In a preferred embodiment, the IDB 210 includes customer records and any other pertinent customer information.

FIG. 3 is a block diagram of an illustrative example of a preferred embodiment of a service suggestion analyzer 207 and an access filtering parser 206 of a system for automatically facilitated marketing and provision of needed electronic security services. In a preferred embodiment, the access filtering parser 206 includes a result accumulator module 302 that couples to the presentation module 204 and a cycler module 304, a state accumulator module 306 that couples to the cycler module 304, and an input parser/filter module 308 that couples to the cycler module 304, presentation module 204 and couples to the user processing device 102 indirectly through the presentation module 204.
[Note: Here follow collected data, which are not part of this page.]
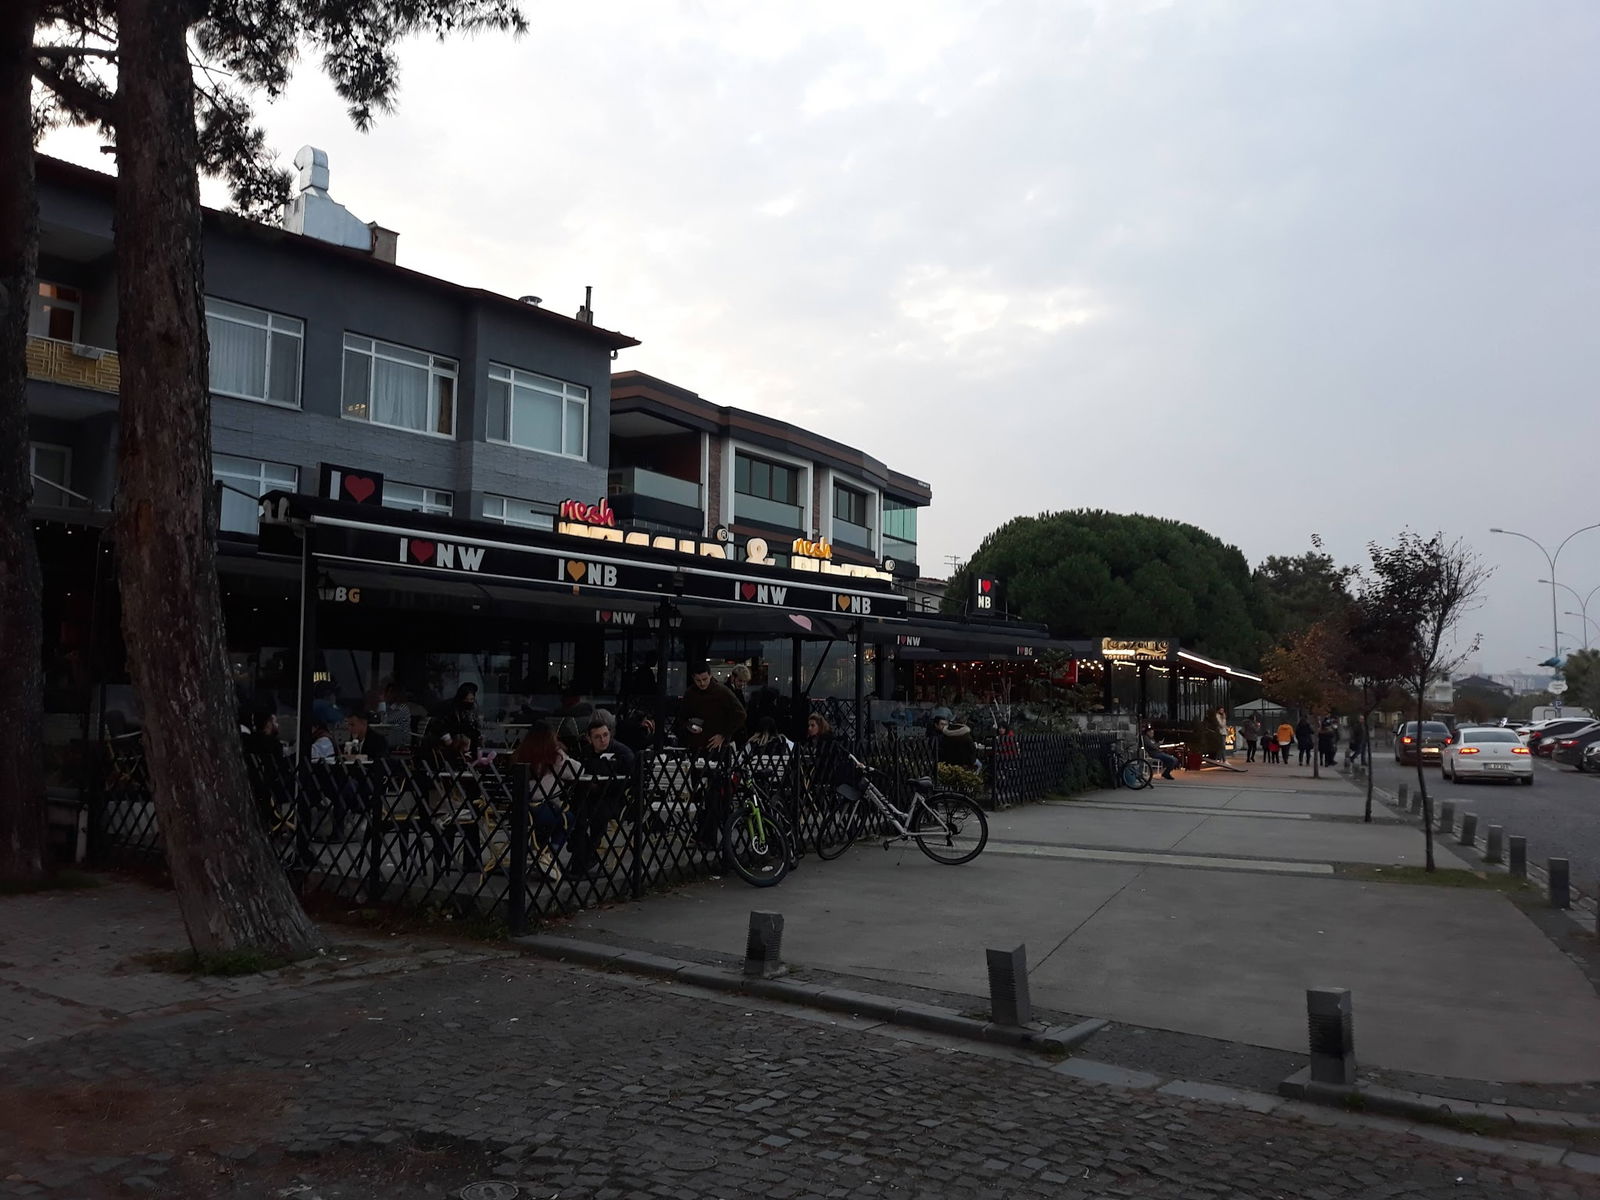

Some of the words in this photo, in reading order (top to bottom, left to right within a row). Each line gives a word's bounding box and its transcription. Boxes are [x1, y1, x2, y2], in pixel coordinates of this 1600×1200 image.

[560, 497, 616, 527] nesh
[399, 538, 408, 562] I
[436, 543, 485, 571] NW
[793, 536, 832, 559] nesh
[558, 558, 565, 581] I
[587, 563, 618, 587] NB
[734, 581, 741, 600] I
[757, 584, 787, 605] NW
[977, 578, 982, 594] I
[832, 594, 837, 611] I
[851, 597, 871, 614] NB
[977, 595, 992, 609] NB
[613, 611, 636, 624] NW
[906, 636, 921, 646] NW
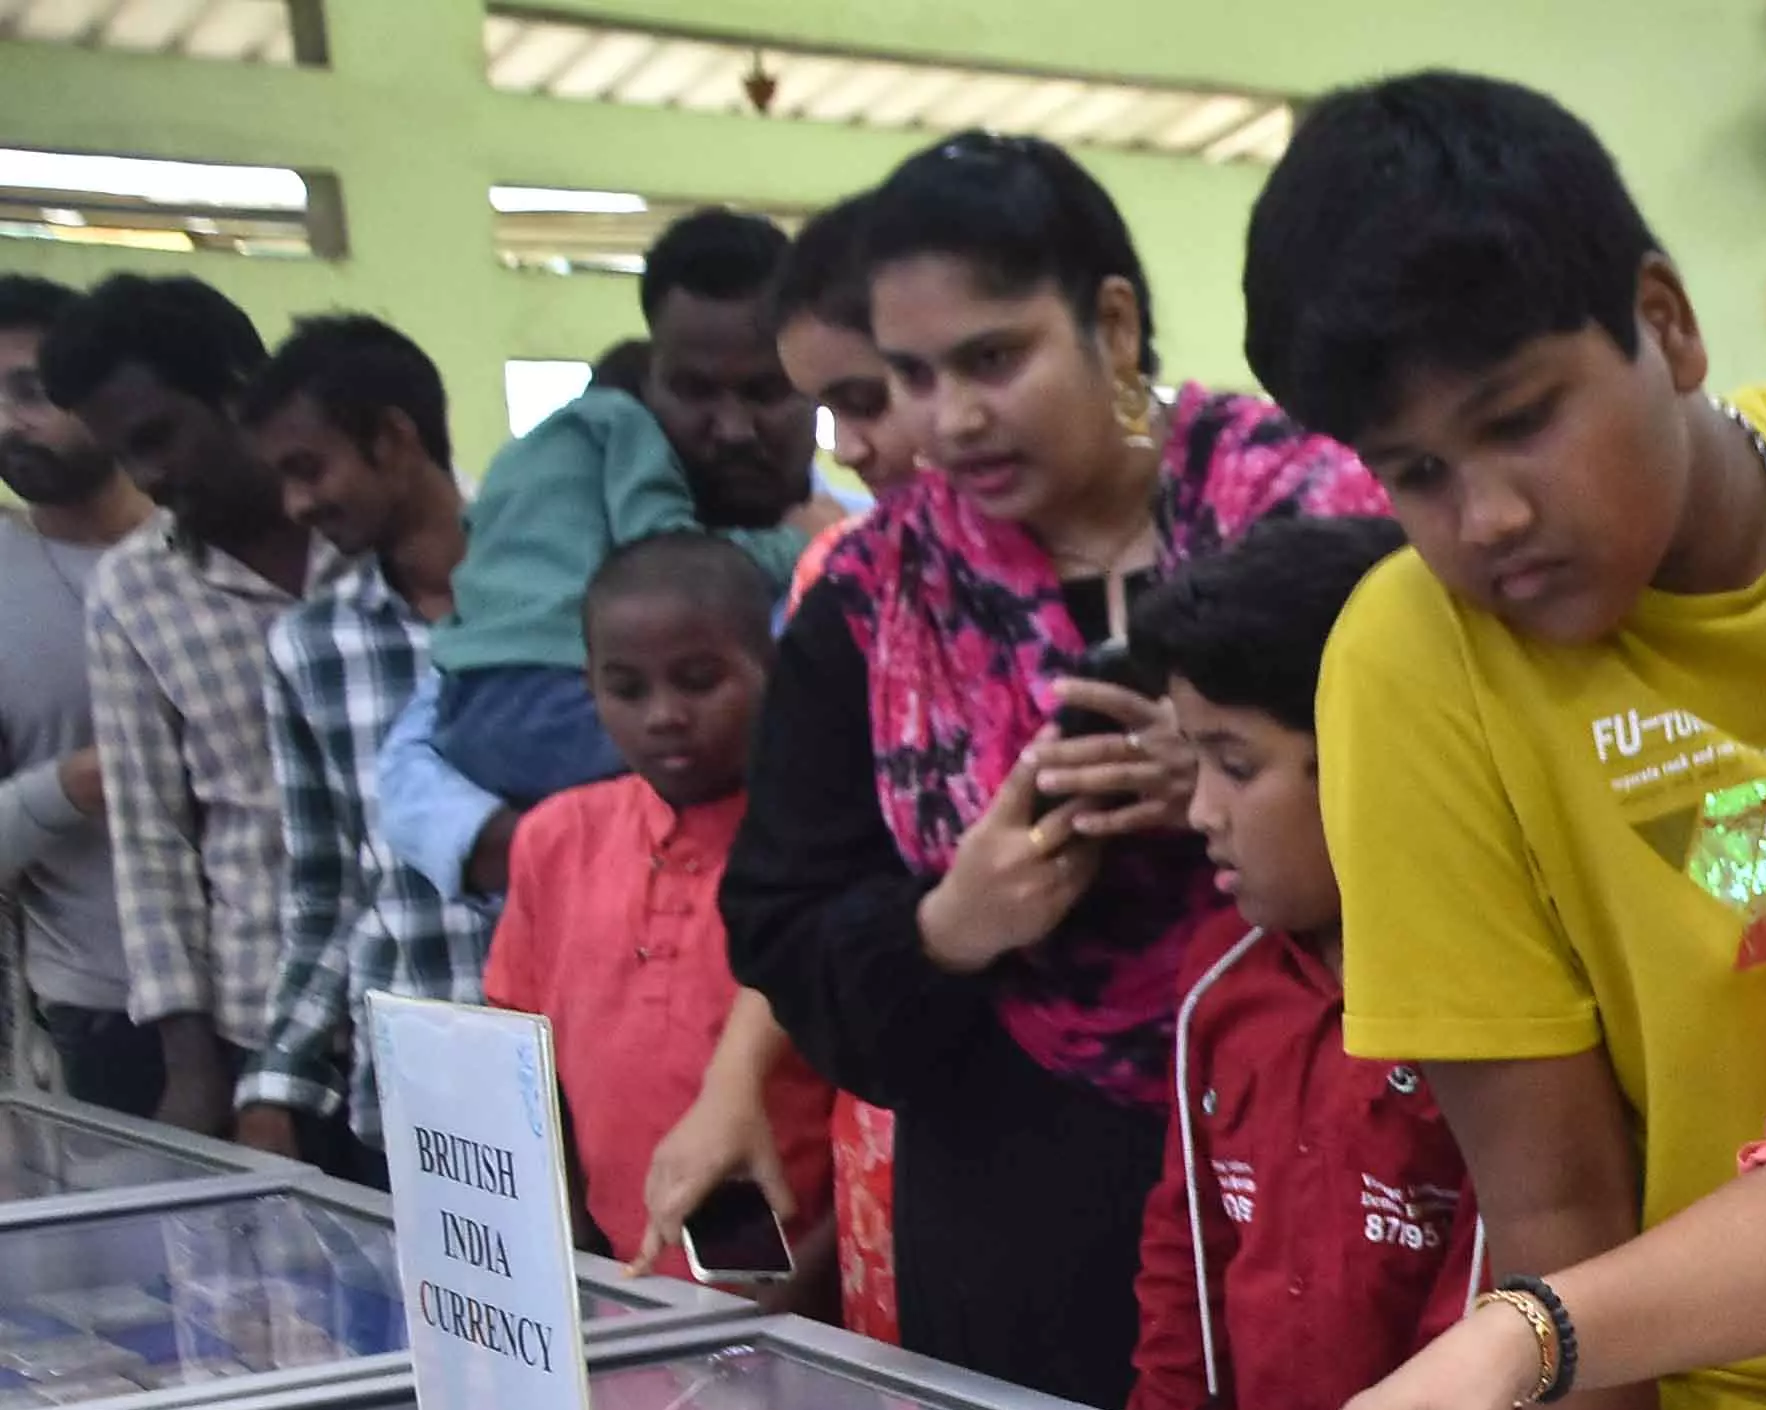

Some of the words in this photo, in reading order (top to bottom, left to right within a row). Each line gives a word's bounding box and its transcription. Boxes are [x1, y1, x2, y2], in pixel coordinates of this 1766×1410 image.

The input parser/filter module 308 receives input from the user's processing device 102 in a plurality of formats, such as email, web form, automatically generated files, for example, firewall or intrusion detection system logs, electronic interactive form input filled out by a customer representative talking to a customer, or input in response to prompting from a presentation module, among others. The input parser/filter module 308 converts the input to data usable by the cycler module 304. In one preferred embodiment, the input parser/filter module 308 utilizes standard software engineer techniques to convert the input into usable data. The input parser/filter module 308 preferably interacts with the user's processing device 102 via application programming interfaces that are consistent with the user's operating system, for instance, Unix, Linux, windows, etc., with the details of the interfaces being dependent upon the specific implementation including the choice of software language and design. In a preferred embodiment, the implementation is selected to perform the specific conversions needed for each allowed input type. During the conversion process, the input parser/filter module 308 filters out extraneous data, such that only pertinent input remains. Further, the input parser/filter module 308 receives keyword information from the presentation module 204 regarding any current prompting provided to the user so that user responses to that prompting can be associated with those pertinent keywords.
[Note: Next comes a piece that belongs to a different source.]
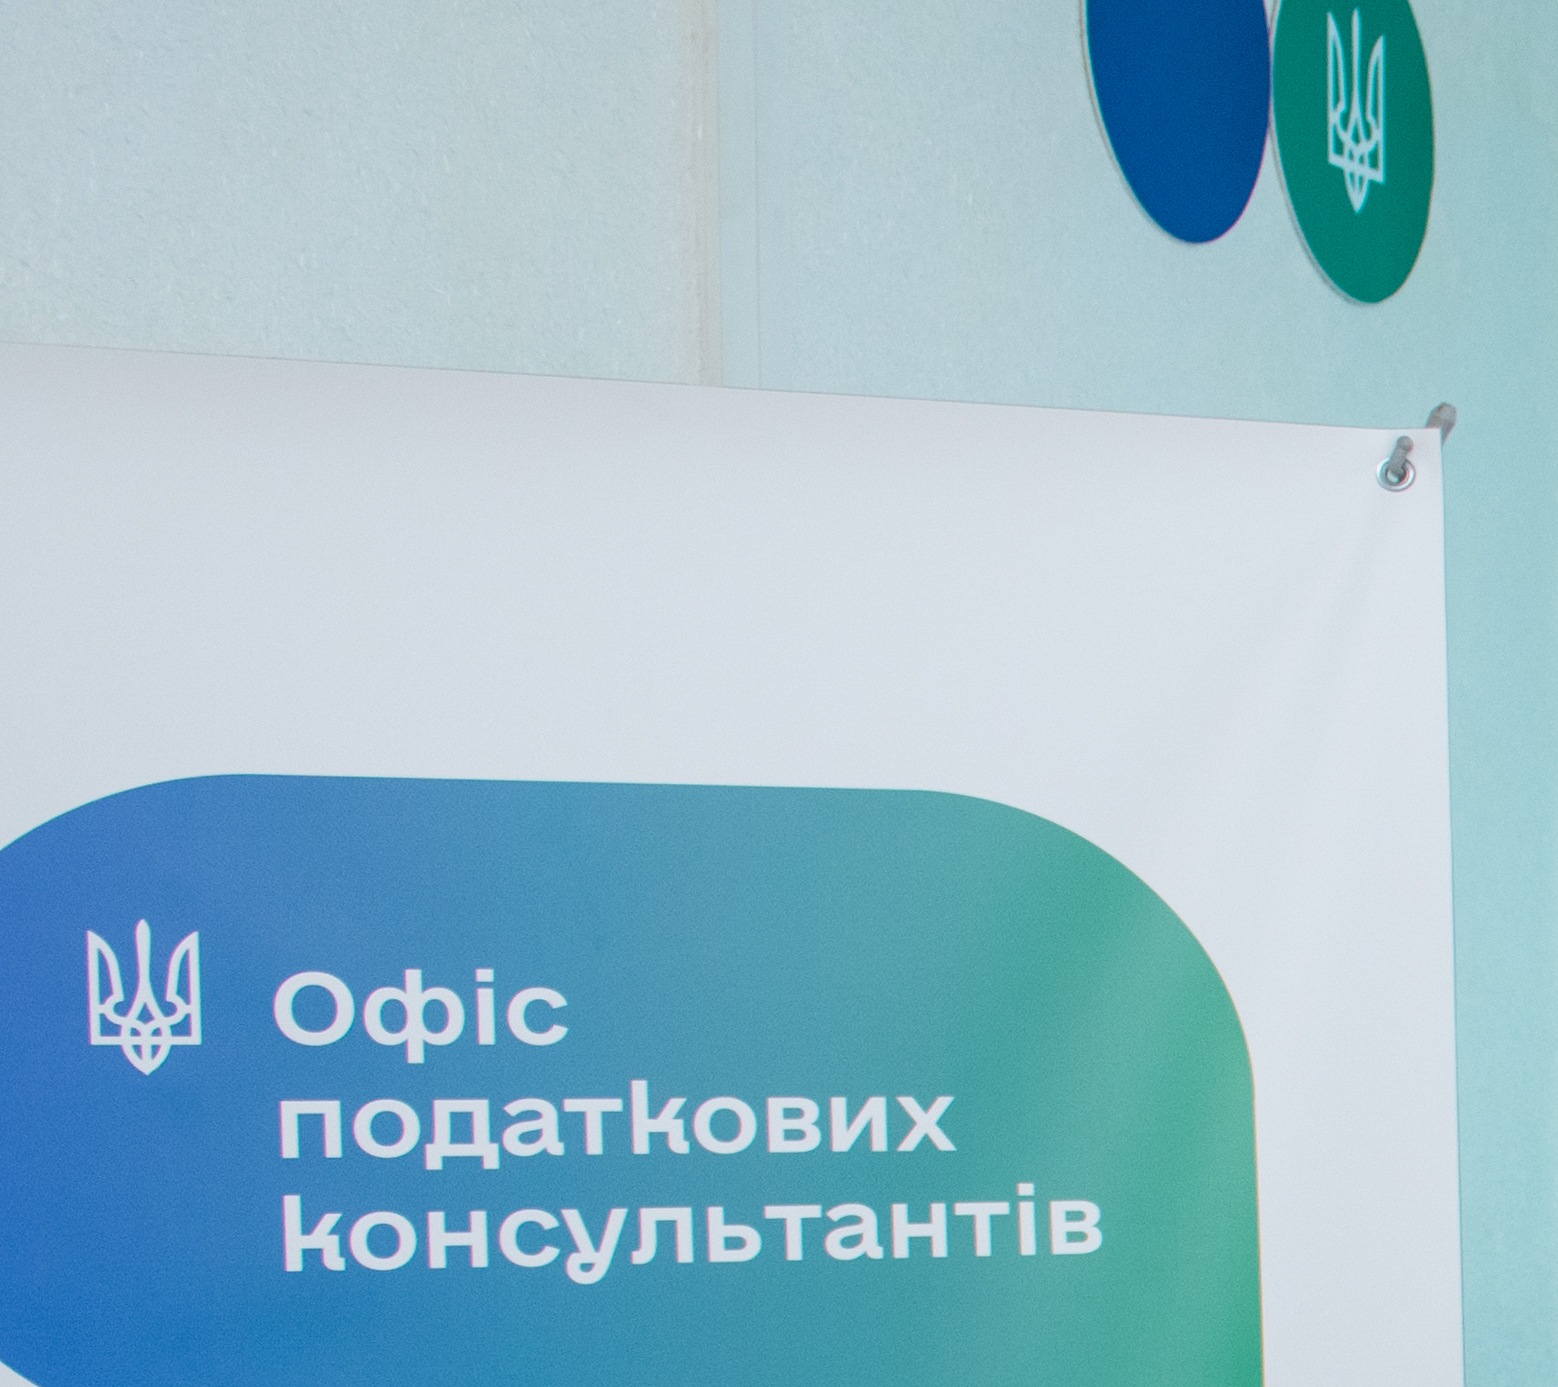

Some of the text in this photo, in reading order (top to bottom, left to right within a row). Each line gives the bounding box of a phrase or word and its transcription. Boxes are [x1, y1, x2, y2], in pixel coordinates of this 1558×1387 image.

[273, 968, 569, 1064] Офіс
[279, 1079, 956, 1171] податкових
[282, 1184, 1104, 1285] консультантів
The cycler module 304 effects cycling through the process shown in FIGS. 6A, 6B, and 7 by gathering additional result detail until a satisfactory result is obtained. Intermediate and final result information is accumulated and/or stored in the result accumulator module 302. The cycler module 304 receives input from the input parser/filter module 308. The cycler module 304 queries the IDB 210 to obtain pertinent user records and associated information. Subsequently, the cycler module 304 checks the “state” in the state accumulator module 406. A state is comprised of summary and/or special information obtained from the DDB 212 in previous cycles, or obtained from the IDB 210, for the purpose of potentially aiding or modifying subsequent keyword matching/filtering. The cycler module 304 then selects the DDB indices/pages (shown in FIG. 4) to access via keyword matching between (a) the filtered input along with any “special state” information, if any, and (b) the information contained in the DDB page selector (shown in FIG. 4). Upon accessing the selected DDB pages, the cycler module 304 sends the pertinent information (e.g., data section) from these pages to the result accumulator module 302, retains the new selector information (e.g., selector section) and updates the “state” in the state accumulator module 306 as appropriate for example by adding the DDB indices of pages just accessed. In addition, the cycler module 304 either loops back to obtain additional user input or finishes by updating the user information in the IDB 210 with the cycle counter value (for example, indicating the depth/extent of the process just concluded) and the final resolution (for example, the list of pages/indices accessed to provide the final accumulated results).

The state accumulator module 306 stores intermediate status and result information that provides for keeping track of progress and for appropriately selecting the subsequent database accesses for each cycle of additional user input and database access/result determination. The state accumulator module 306 stores both the list of pages (via indices) accessed and any special state information. In an example, state information provides a mechanism for adding in or subtracting from the matching process for a specified keyword, in a circumstance where matching is not all or none but rather is by degree where the matching must for example exceed a pre-specified threshold in order to qualify as a match. In one preferred embodiment, the state accumulator module 306 provides a short-term memory that is utilized until the set of cycles associated with one user inquiry or problem is completed and the final accumulated results are presented to the user. At the conclusion of this set of cycles, the state is reset, or alternatively, the state is reset at the start of the next set of cycles.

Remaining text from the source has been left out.